Be able to justify you preferences for one alternative over another. You may want to address issues of risk preference, expectations and logistics (such as time preferences).
Step 3: Determine your reservation point, but do not reveal it.
There may be a reservation point for every interest at stake.
Step 4: Determine your target point (be realistic, but optimistic).
Step 5: Research the counterparty's BATNA and estimate her reservation point.
This is very difficult when there are multiple interests at stake. If, however, there is one outstanding interest for a competitor, this is extremely useful information.
Step 6: Assess your strategic position and objectives.
In separate articles, we discuss what makes up a strategy - namely the orientation, objectives, and plan.
With an understanding of the other party, you can pursue a competitive, collaborative, yielding, compromising, or avoidance strategy.
Your objectives will concern how you will seek to approach each interest. For example, will you use logic or emotion to seek commonality of understanding, or will you attempt to deceive the other party? Then you can begin forming a plan for how you will carry this out.
The plan is generally fully of tactics for carrying out your strategic objectives in accordance with your orientation.
Step 7: Set your Anchor.
Generally, you will open up with a packaged or bundled offer of the interests at stake. To give room for concessions, it is still advisable to aspire high on all available interests. Unlike in a distributive negotiation, however, it may be possible to increase your request for any single interest if you are wiling to reduce your request for another.

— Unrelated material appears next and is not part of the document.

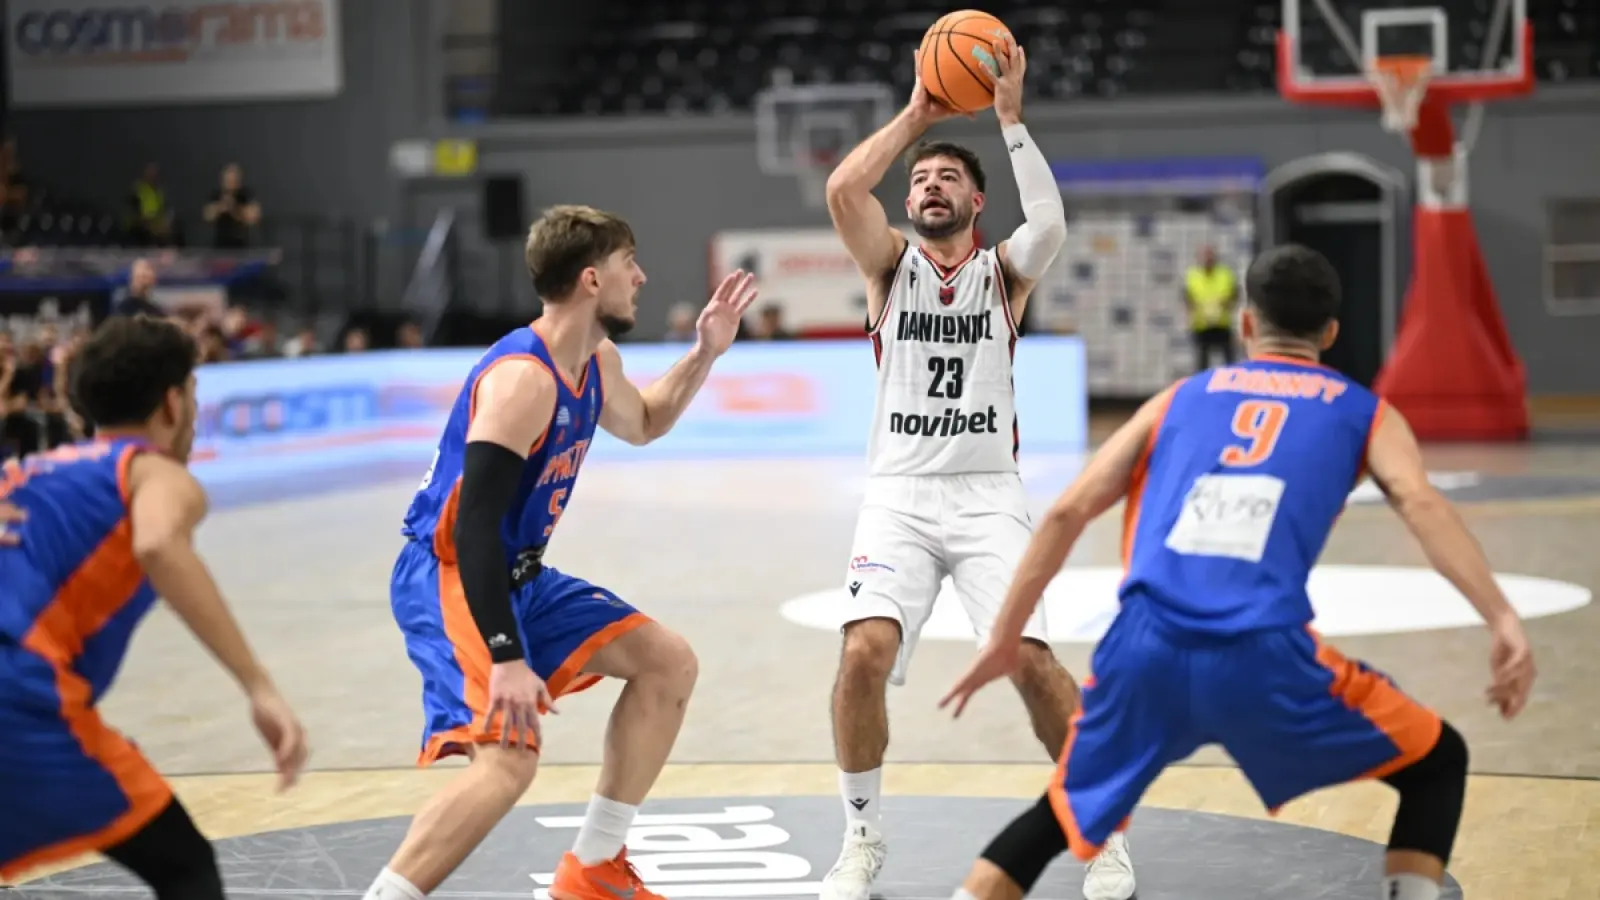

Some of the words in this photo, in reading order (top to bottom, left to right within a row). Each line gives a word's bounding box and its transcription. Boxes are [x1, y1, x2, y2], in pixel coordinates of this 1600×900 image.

[927, 356, 964, 400] 23
[890, 405, 997, 437] novibet
[1219, 400, 1289, 467] 9

Step 8: Plan your concessions.
Based upon your perception of the situation and the other party, develop a plan for how you will approach concessions. You may follow a pattern.
For example, you could plan to make multiple small concessions followed by a large concession to signal a bottom line or final negotiation point.
Any plan should concern the extent of concession (small or large) and the frequency or timing.
Step 9: Make a final offers.
This can be difficult when there are multiple interests at play. A final offer in such situation should NOT really be a final offer, unless you specify a reservation point for any given interest.
Of course, there are any number of ways to approach an integrative negotiation. This proposed approach simply seeks to identify a logic and cohesive approach to dealing with an otherwise difficult scenario.
How do you think the proposed approach to an integrative negotiation situation compares to that of distributive negotiation? Which step of this approach do you find most challenging and why?